To further test JJ-450 inhibition of ARv7 and mutant AR lacking LBD, C4-2 cells were co-transfected with luciferase reporters along with GFP, GFP-AR-V7 (28), or GFP-NAR (AR mutant lacking LBD) (33), followed by treatment with indicated compounds in androgen-depleted medium. In the absence of androgens, GFP-transfected C4-2 cells showed very low PSA-luciferase activity, whereas GFP-AR-V7 and GFP-NAR transfected C4-2 cells exhibited robust luciferase activity (Figure 3C). High concentrations of JJ-450 stereoisomers, but not enzalutamide, blocked PSA-luciferase induction by GFP-NAR or GFP-ARv7 (Figure 3C). As a control, Western blot analysis showed no obvious change in transfected GFP, or GFP-ARv7, GFP-NAR protein levels in C4-2 cells (Supplementary Figure S5A). Similarly, JJ-450 stereoisomers, but not enzalutamide, also inhibited PSA-luciferase induction by GFP-ARv7 in GFP-ARv7:PC3, a PC3 subline stably transfected with GFP-ARv7 (28) (Figure 3D). These results suggest that JJ-450 stereoisomers could target NTD and/or DBD domains in AR variants/mutants.

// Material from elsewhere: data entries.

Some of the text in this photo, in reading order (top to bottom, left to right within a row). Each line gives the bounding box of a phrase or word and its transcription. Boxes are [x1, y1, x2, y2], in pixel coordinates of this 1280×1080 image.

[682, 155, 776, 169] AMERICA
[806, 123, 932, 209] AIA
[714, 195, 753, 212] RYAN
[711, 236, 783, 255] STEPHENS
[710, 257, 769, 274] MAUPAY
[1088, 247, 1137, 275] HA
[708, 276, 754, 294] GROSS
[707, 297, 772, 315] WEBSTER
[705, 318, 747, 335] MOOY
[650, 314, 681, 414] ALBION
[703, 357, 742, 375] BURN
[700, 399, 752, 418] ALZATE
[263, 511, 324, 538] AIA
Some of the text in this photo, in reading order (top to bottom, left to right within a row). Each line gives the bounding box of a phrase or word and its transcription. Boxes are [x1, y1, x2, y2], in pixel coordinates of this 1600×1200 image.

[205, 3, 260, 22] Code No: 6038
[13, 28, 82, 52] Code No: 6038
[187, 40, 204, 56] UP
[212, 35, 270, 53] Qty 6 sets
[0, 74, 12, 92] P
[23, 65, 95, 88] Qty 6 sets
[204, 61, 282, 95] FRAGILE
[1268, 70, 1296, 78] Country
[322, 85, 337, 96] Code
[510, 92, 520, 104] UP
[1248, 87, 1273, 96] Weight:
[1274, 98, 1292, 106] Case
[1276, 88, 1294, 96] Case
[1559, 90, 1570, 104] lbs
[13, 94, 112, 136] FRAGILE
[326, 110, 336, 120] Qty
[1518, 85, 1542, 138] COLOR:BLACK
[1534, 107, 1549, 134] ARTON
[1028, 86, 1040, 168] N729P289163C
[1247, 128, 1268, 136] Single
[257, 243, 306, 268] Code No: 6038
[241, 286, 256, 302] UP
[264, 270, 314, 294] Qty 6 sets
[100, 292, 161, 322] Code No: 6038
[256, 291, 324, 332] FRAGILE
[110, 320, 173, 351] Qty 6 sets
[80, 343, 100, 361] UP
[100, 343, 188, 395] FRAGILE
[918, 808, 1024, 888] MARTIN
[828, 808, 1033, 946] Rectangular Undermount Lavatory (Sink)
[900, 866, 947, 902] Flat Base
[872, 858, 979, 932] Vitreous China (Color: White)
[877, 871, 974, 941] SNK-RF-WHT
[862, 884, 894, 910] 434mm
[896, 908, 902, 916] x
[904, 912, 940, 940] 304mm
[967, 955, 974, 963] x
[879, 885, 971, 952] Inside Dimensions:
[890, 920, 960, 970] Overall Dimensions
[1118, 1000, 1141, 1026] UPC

AR variant-mediated transcriptional programs appear to be different from ligand-induced AR-target genes (43,44), so the effect of JJ-450 on ARv7-target gene expression in 22Rv1 cells cultured in the absence of androgens was studied. The 22Rv1 cell line is resistant to enzalutamide, due in part to the expression of AR variants (45). The mRNA levels of ARv7 signature genes, UBE2C, BUB1B, CCNA2 and KIF15 (43), were inhibited by JJ-450 stereoisomers at 20 μM, but not by enzalutamide (Figure 3E). Also, JJ-450 stereoisomers showed a dose-dependent inhibition of UBE2C protein expression, whereas enzalutamide showed minimal effect on UBE2C expression (Figure 3F). Similarly, UBE2C, BUB1B, CCNA2 and KIF15 mRNA levels were also inhibited by JJ-450 stereoisomers in CWR-R1 cells under androgen-depleted condition (Supplementary Figure S5B).

JJ-450 inhibition of AR

In order to determine whether JJ-450 could modify the action of other steroid nuclear receptors, the effect of JJ-450 on the transcriptional activities of estrogen receptor (ER) and glucocorticoid receptor (GR) using luciferase reporter assays in C4-2 cells was examined. ERα transactivation of 3x ERE TATA luciferase reporter (46) in the presence of 1 nM 17β-estradiol (E2) was unaffected by JJ-450 (Figure 4A). JJ-450 did not affect the protein levels of transfected GFP-ERα (Figure 4B). Similarly, GR transactivation of MMTV-luciferase reporter (36) in the presence of 50 nM dexamethasone was insensitive to JJ-450 (Figure 4C), and JJ-450 did not affect GFP-GR protein levels (Figure 4D). In C4-2 cells, 1 nM E2 and 50 nM dexamethasone were sufficient to induce robust ERα and GR transcriptional activity (Supplementary Figures S6A and S6B). These data suggest that JJ-450 could target AR specifically without affecting other steroid nuclear receptors.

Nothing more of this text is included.